> Exercise details
Your answer should hold exactly the lines from the line containing "this 2048×1536 image." through the end of the entries that follow.
*** Opening Extracted records ***
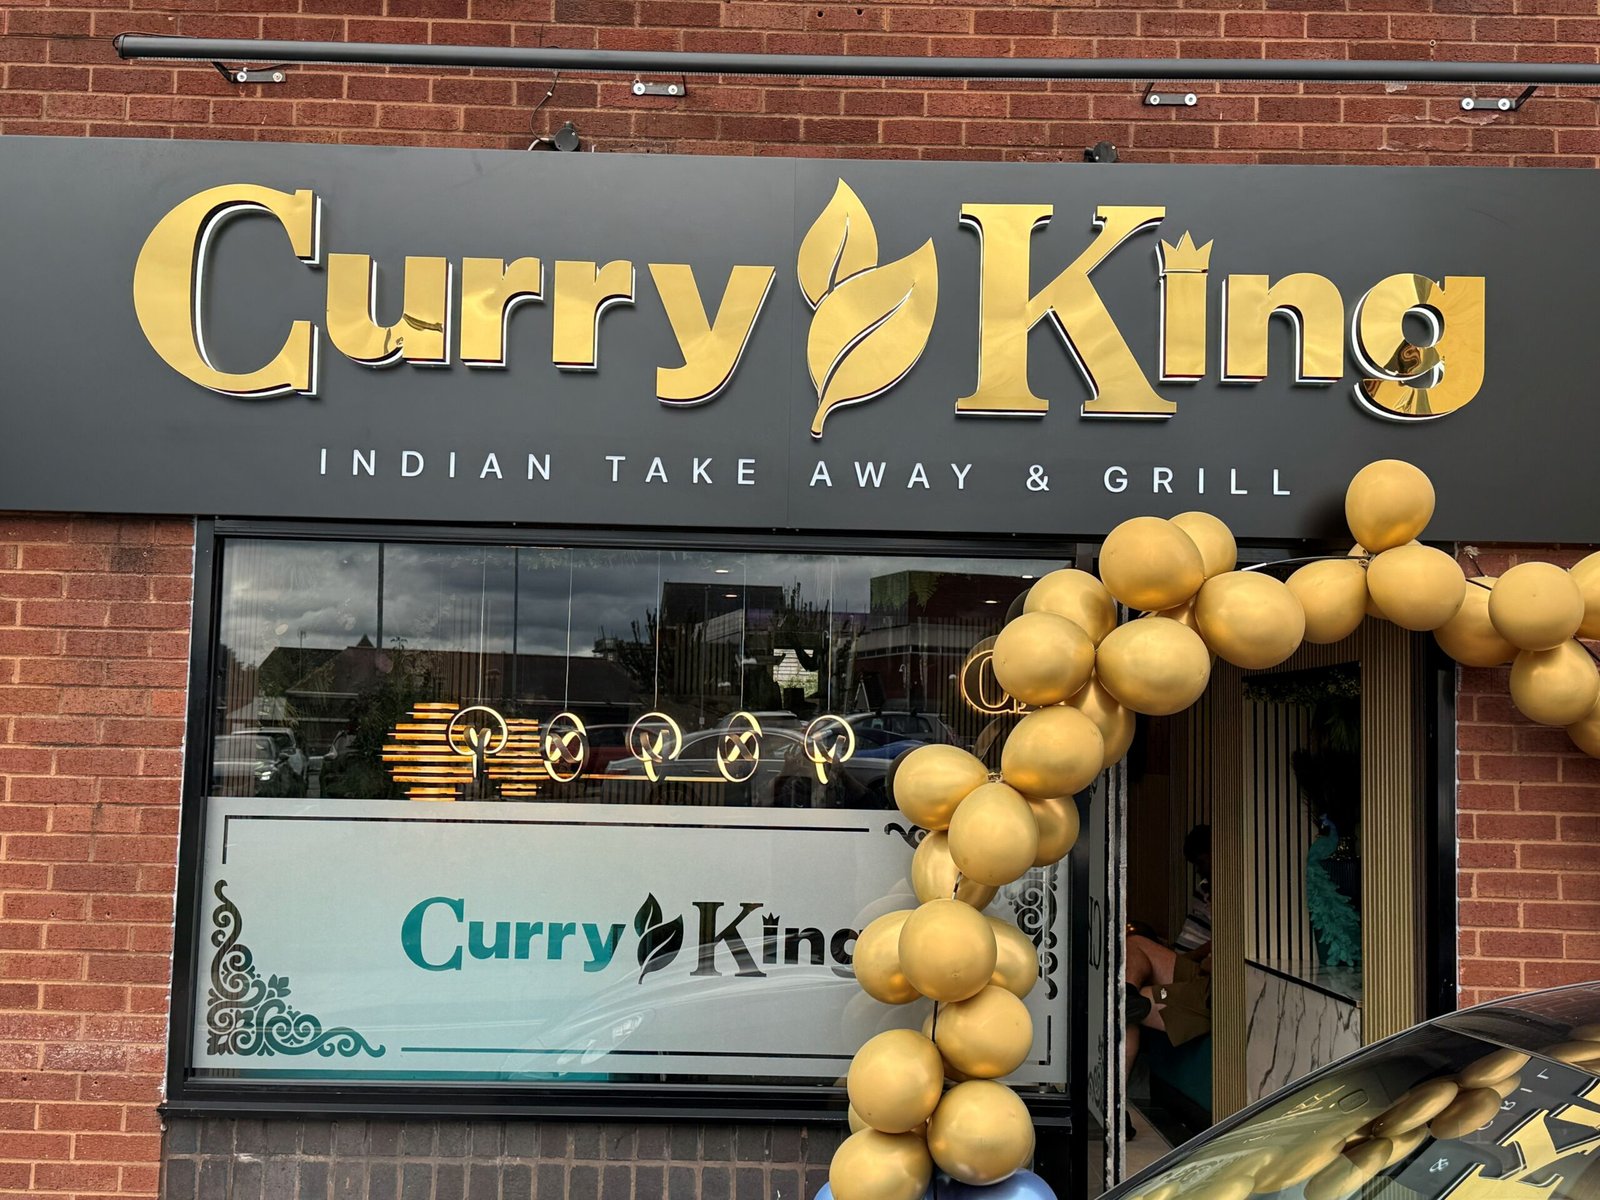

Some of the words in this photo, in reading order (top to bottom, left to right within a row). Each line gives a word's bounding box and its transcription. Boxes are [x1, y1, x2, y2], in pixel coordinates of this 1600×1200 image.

[133, 183, 777, 408] Curry
[955, 203, 1488, 422] King
[320, 448, 551, 480] INDIAN
[605, 455, 756, 485] TAKE
[809, 460, 972, 490] AWAY
[1026, 464, 1050, 492] &
[1103, 465, 1291, 496] GRILL
[400, 896, 627, 973] Curry
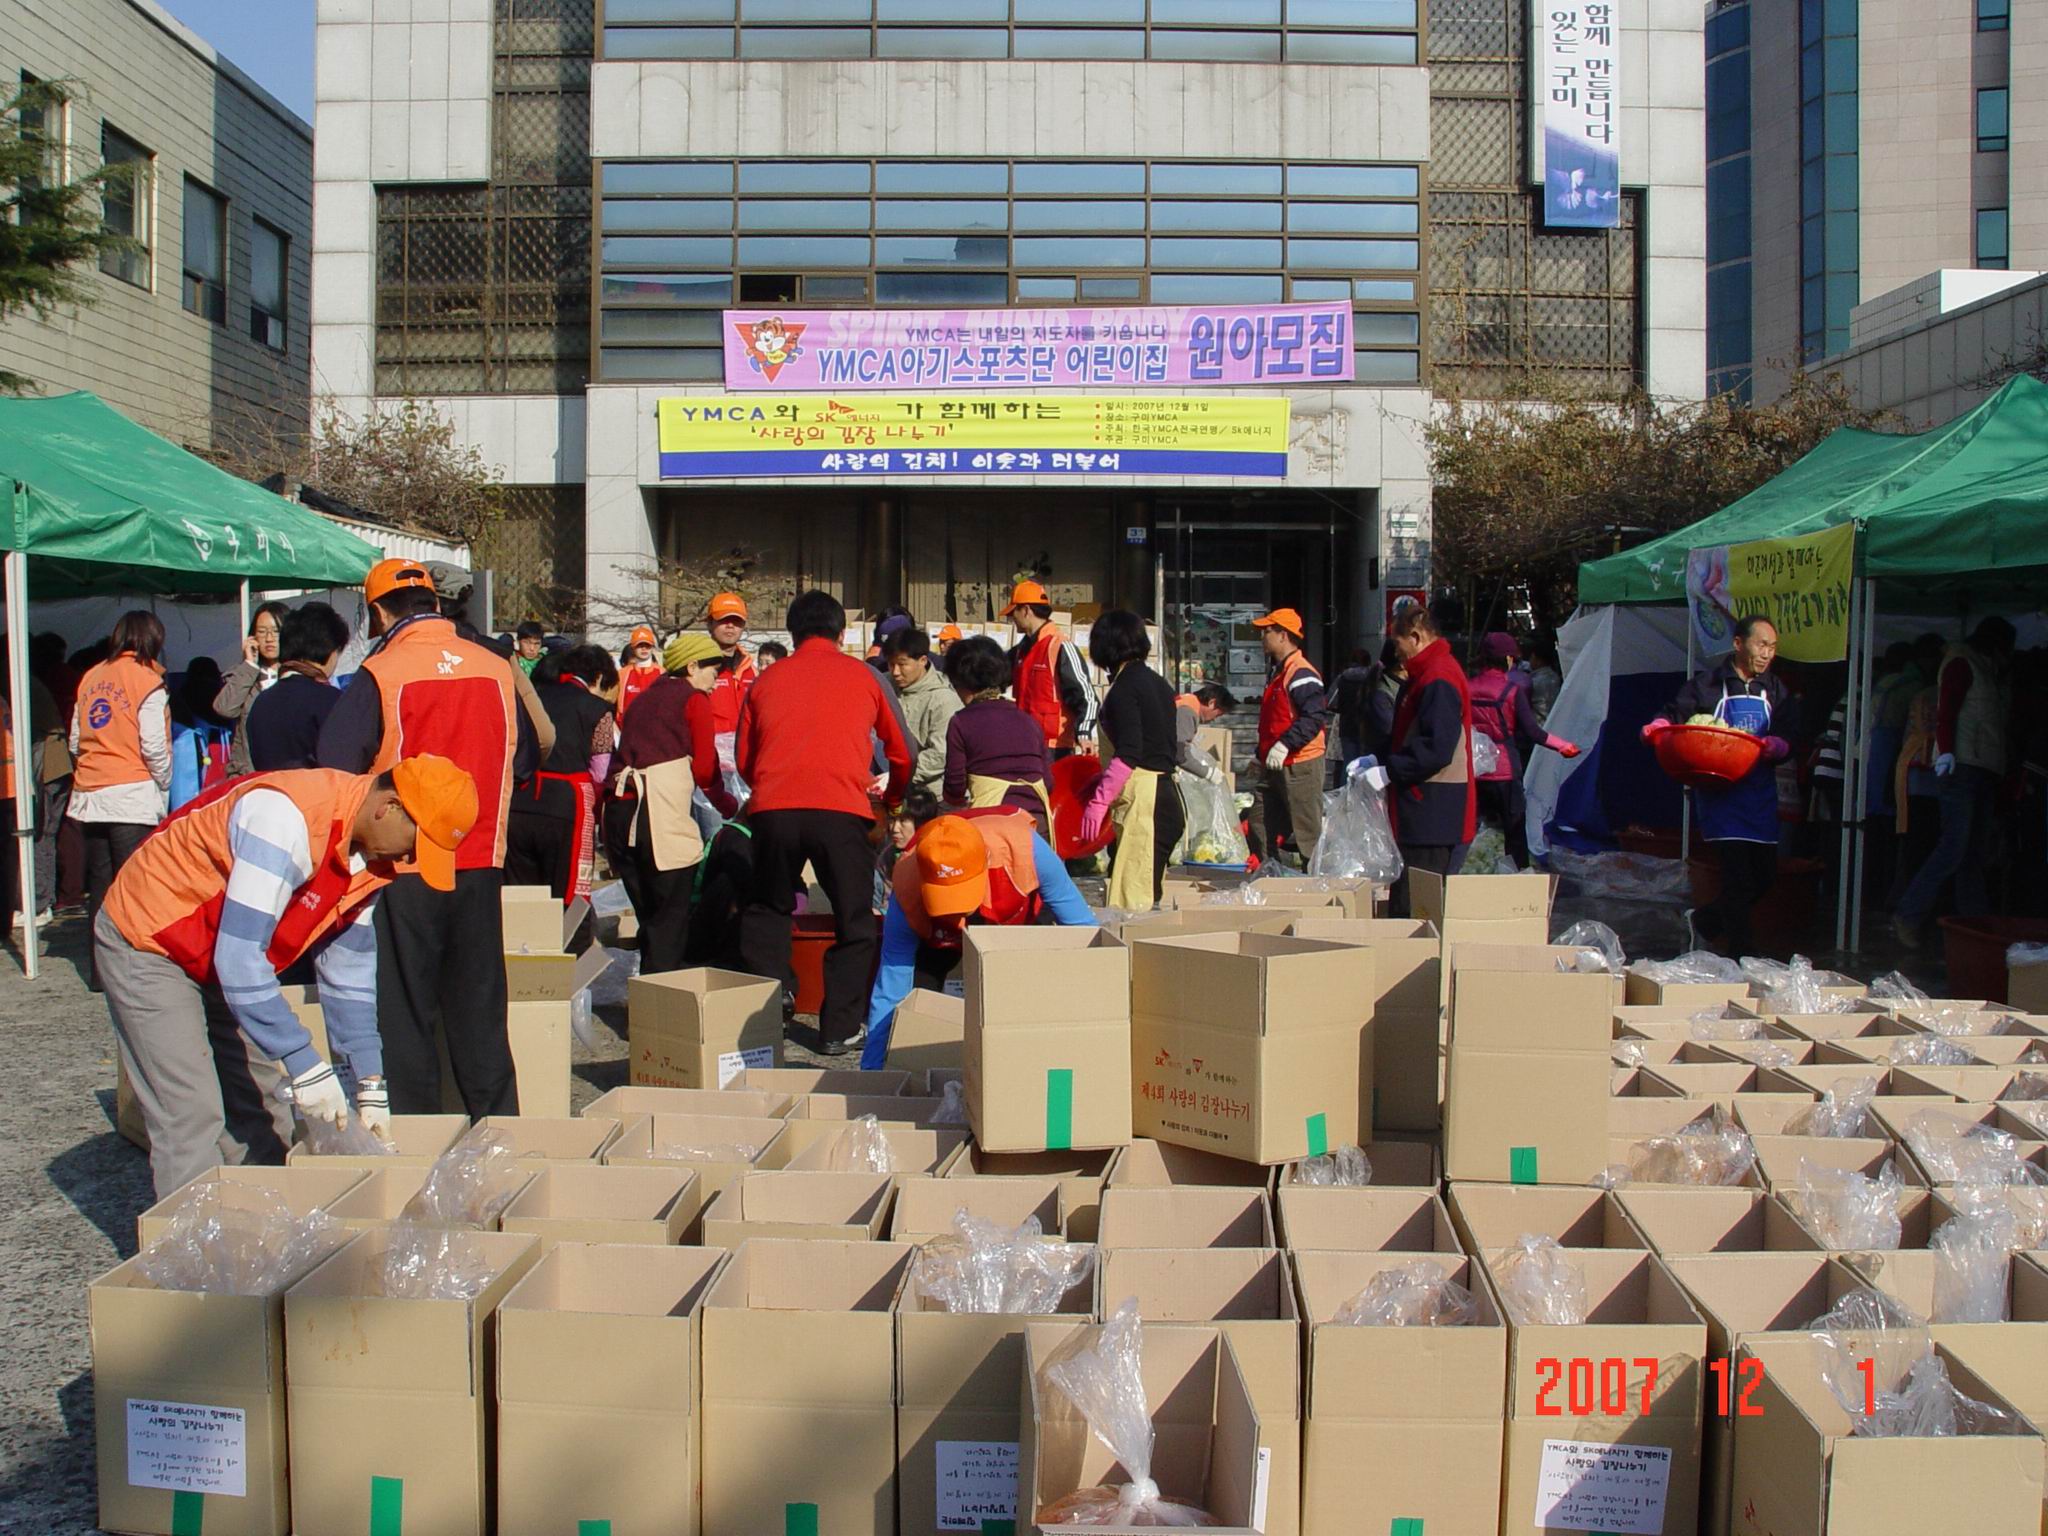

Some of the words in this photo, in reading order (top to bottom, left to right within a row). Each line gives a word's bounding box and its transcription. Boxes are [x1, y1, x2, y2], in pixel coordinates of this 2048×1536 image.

[1551, 11, 1579, 54] 있는
[1584, 4, 1613, 46] 함께
[1552, 65, 1579, 108] 구미
[1585, 59, 1614, 144] 만듭니다
[905, 327, 971, 343] YMCA는
[979, 326, 1025, 342] 내일의
[1033, 325, 1095, 342] 지도자를
[1103, 324, 1167, 341] 키웁니다
[1066, 344, 1168, 383] 어린이집
[1188, 313, 1346, 379] 원아모집
[1132, 413, 1178, 422] 구미YMCA
[1132, 435, 1179, 445] 구미YMCA
[821, 453, 889, 471] 사랑의
[972, 452, 1041, 470] 이웃과
[1052, 452, 1120, 471] 더불어
[437, 661, 454, 674] SK
[1169, 1087, 1197, 1111] 사랑의
[1200, 1093, 1250, 1122] 김장나누기
*** Closing Extracted records ***
> Task output
Some of the words in this photo, in reading order (top to bottom, left to right within a row). Each line gives a word's bounding box and its transcription. Boxes are [x1, y1, x2, y2], in pixel coordinates of this 2048×1536 image.

[1551, 11, 1579, 54] 있는
[1584, 4, 1613, 46] 함께
[1552, 65, 1579, 108] 구미
[1585, 59, 1614, 144] 만듭니다
[905, 327, 971, 343] YMCA는
[979, 326, 1025, 342] 내일의
[1033, 325, 1095, 342] 지도자를
[1103, 324, 1167, 341] 키웁니다
[1066, 344, 1168, 383] 어린이집
[1188, 313, 1346, 379] 원아모집
[1132, 413, 1178, 422] 구미YMCA
[1132, 435, 1179, 445] 구미YMCA
[821, 453, 889, 471] 사랑의
[972, 452, 1041, 470] 이웃과
[1052, 452, 1120, 471] 더불어
[437, 661, 454, 674] SK
[1169, 1087, 1197, 1111] 사랑의
[1200, 1093, 1250, 1122] 김장나누기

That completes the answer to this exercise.